* **Aim of the exercise**:
Without reproducing any image, print the listing below exactly.

* **Records for this task**:
++++++++++++++++++++

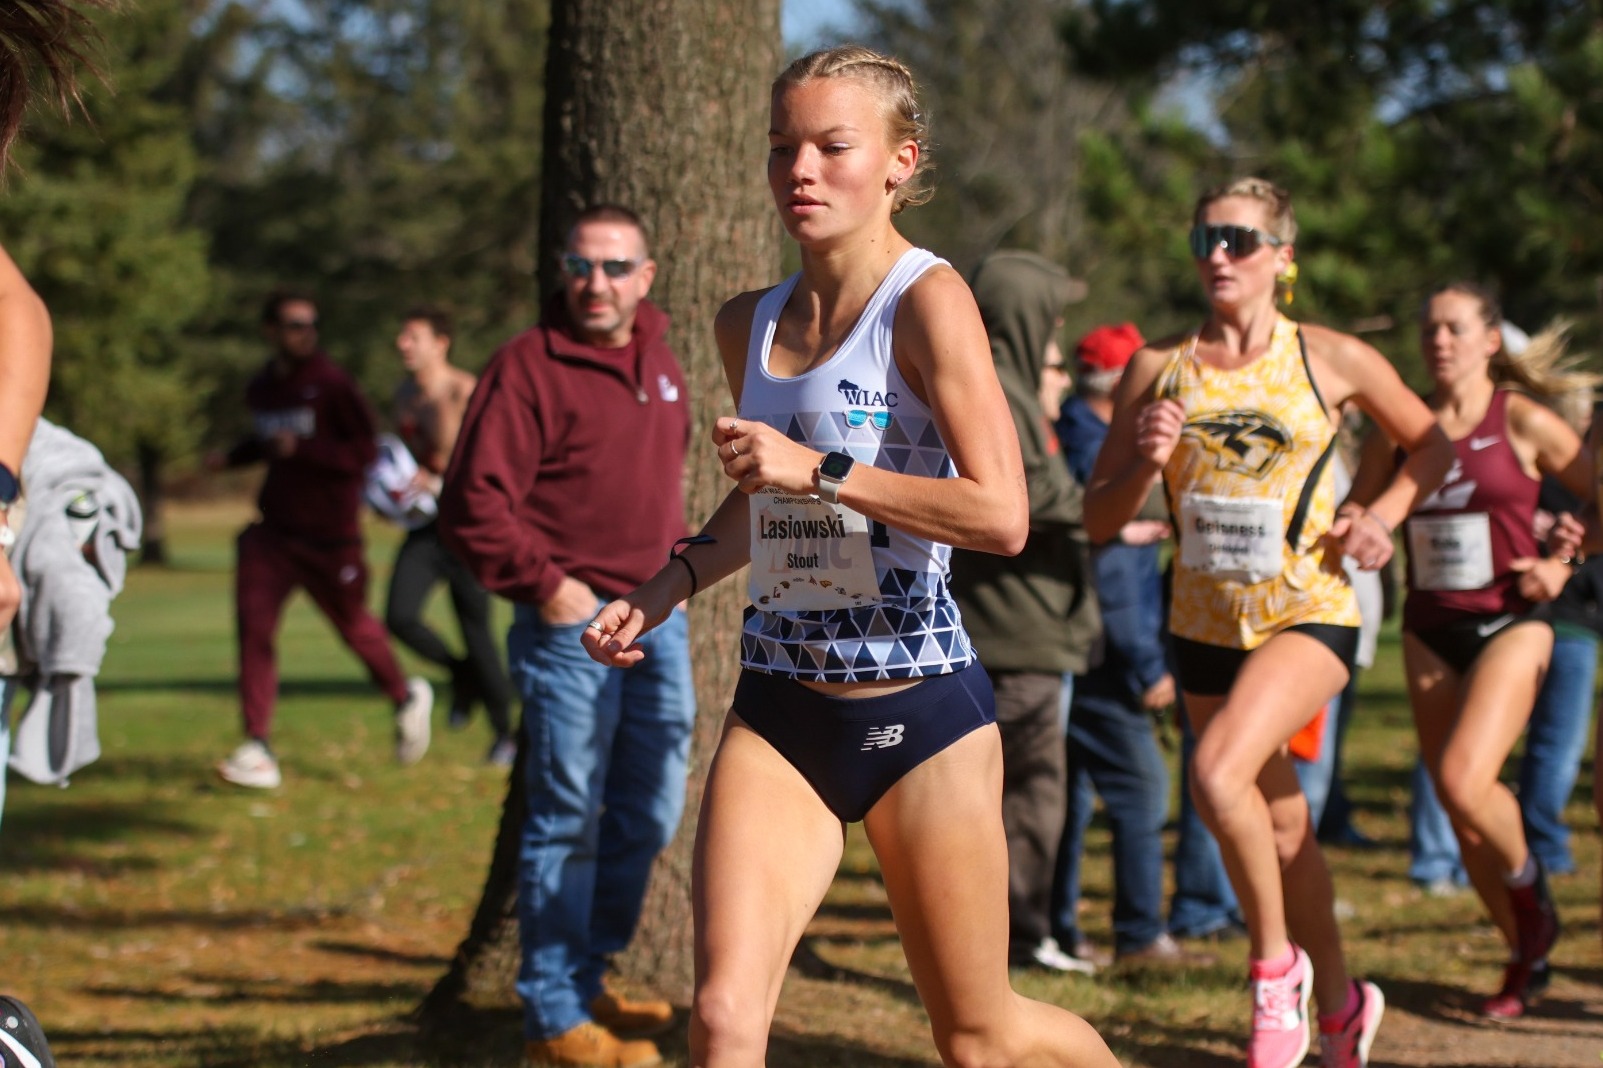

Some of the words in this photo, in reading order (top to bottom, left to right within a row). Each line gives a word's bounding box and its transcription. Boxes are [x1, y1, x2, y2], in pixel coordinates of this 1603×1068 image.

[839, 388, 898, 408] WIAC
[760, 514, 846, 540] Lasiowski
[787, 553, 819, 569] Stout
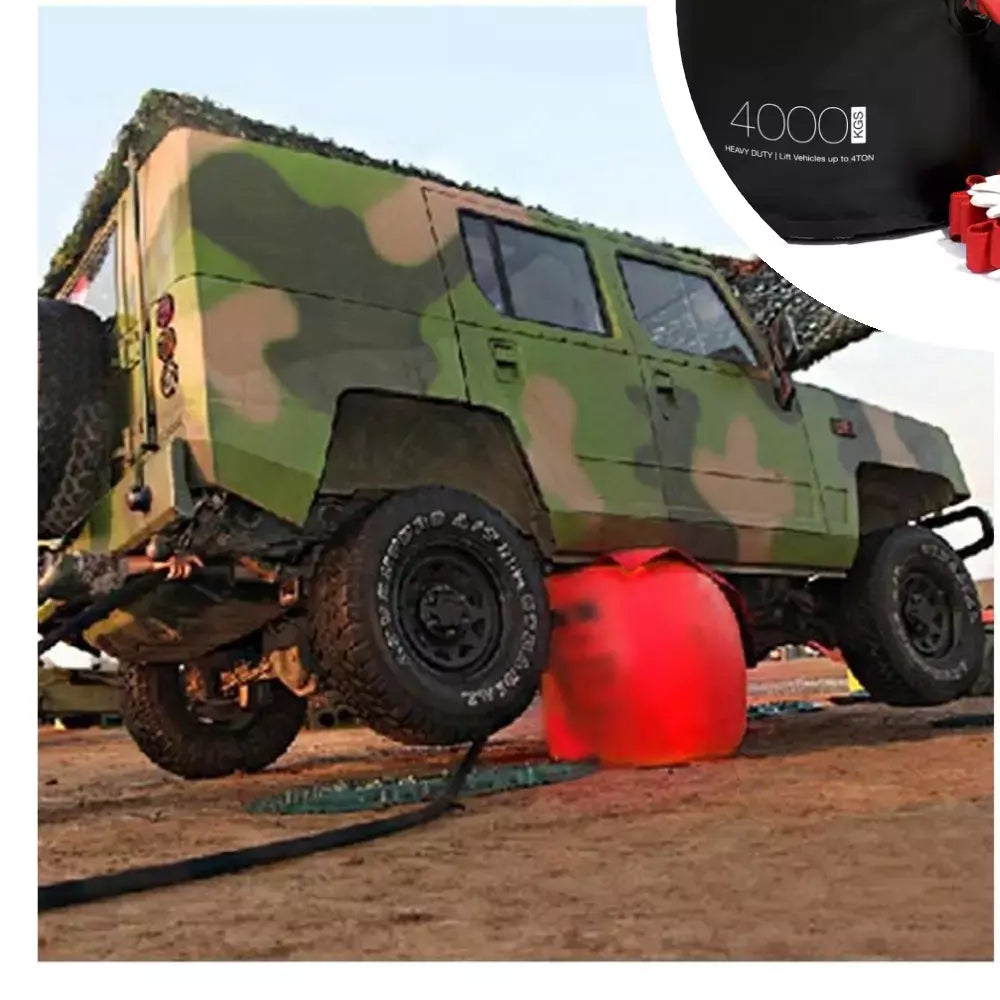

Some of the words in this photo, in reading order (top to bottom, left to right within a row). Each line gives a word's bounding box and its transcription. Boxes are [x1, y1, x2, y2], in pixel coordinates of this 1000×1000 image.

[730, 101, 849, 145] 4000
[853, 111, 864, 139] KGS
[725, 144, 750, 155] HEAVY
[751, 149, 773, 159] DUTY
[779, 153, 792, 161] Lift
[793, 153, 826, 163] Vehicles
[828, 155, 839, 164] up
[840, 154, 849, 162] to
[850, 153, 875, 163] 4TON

++++++++++++++++++++

* **Completed task**:
Some of the words in this photo, in reading order (top to bottom, left to right within a row). Each line gives a word's bounding box and its transcription. Boxes are [x1, y1, x2, y2], in pixel coordinates of this 1603×1068 image.

[839, 388, 898, 408] WIAC
[760, 514, 846, 540] Lasiowski
[787, 553, 819, 569] Stout

Some of the words in this photo, in reading order (top to bottom, left to right within a row). Each line gives a word's bounding box and its transcription. Boxes are [x1, y1, x2, y2], in pixel coordinates of this 1000×1000 image.

[730, 101, 849, 145] 4000
[853, 111, 864, 139] KGS
[725, 144, 750, 155] HEAVY
[751, 149, 773, 159] DUTY
[779, 153, 792, 161] Lift
[793, 153, 826, 163] Vehicles
[828, 155, 839, 164] up
[840, 154, 849, 162] to
[850, 153, 875, 163] 4TON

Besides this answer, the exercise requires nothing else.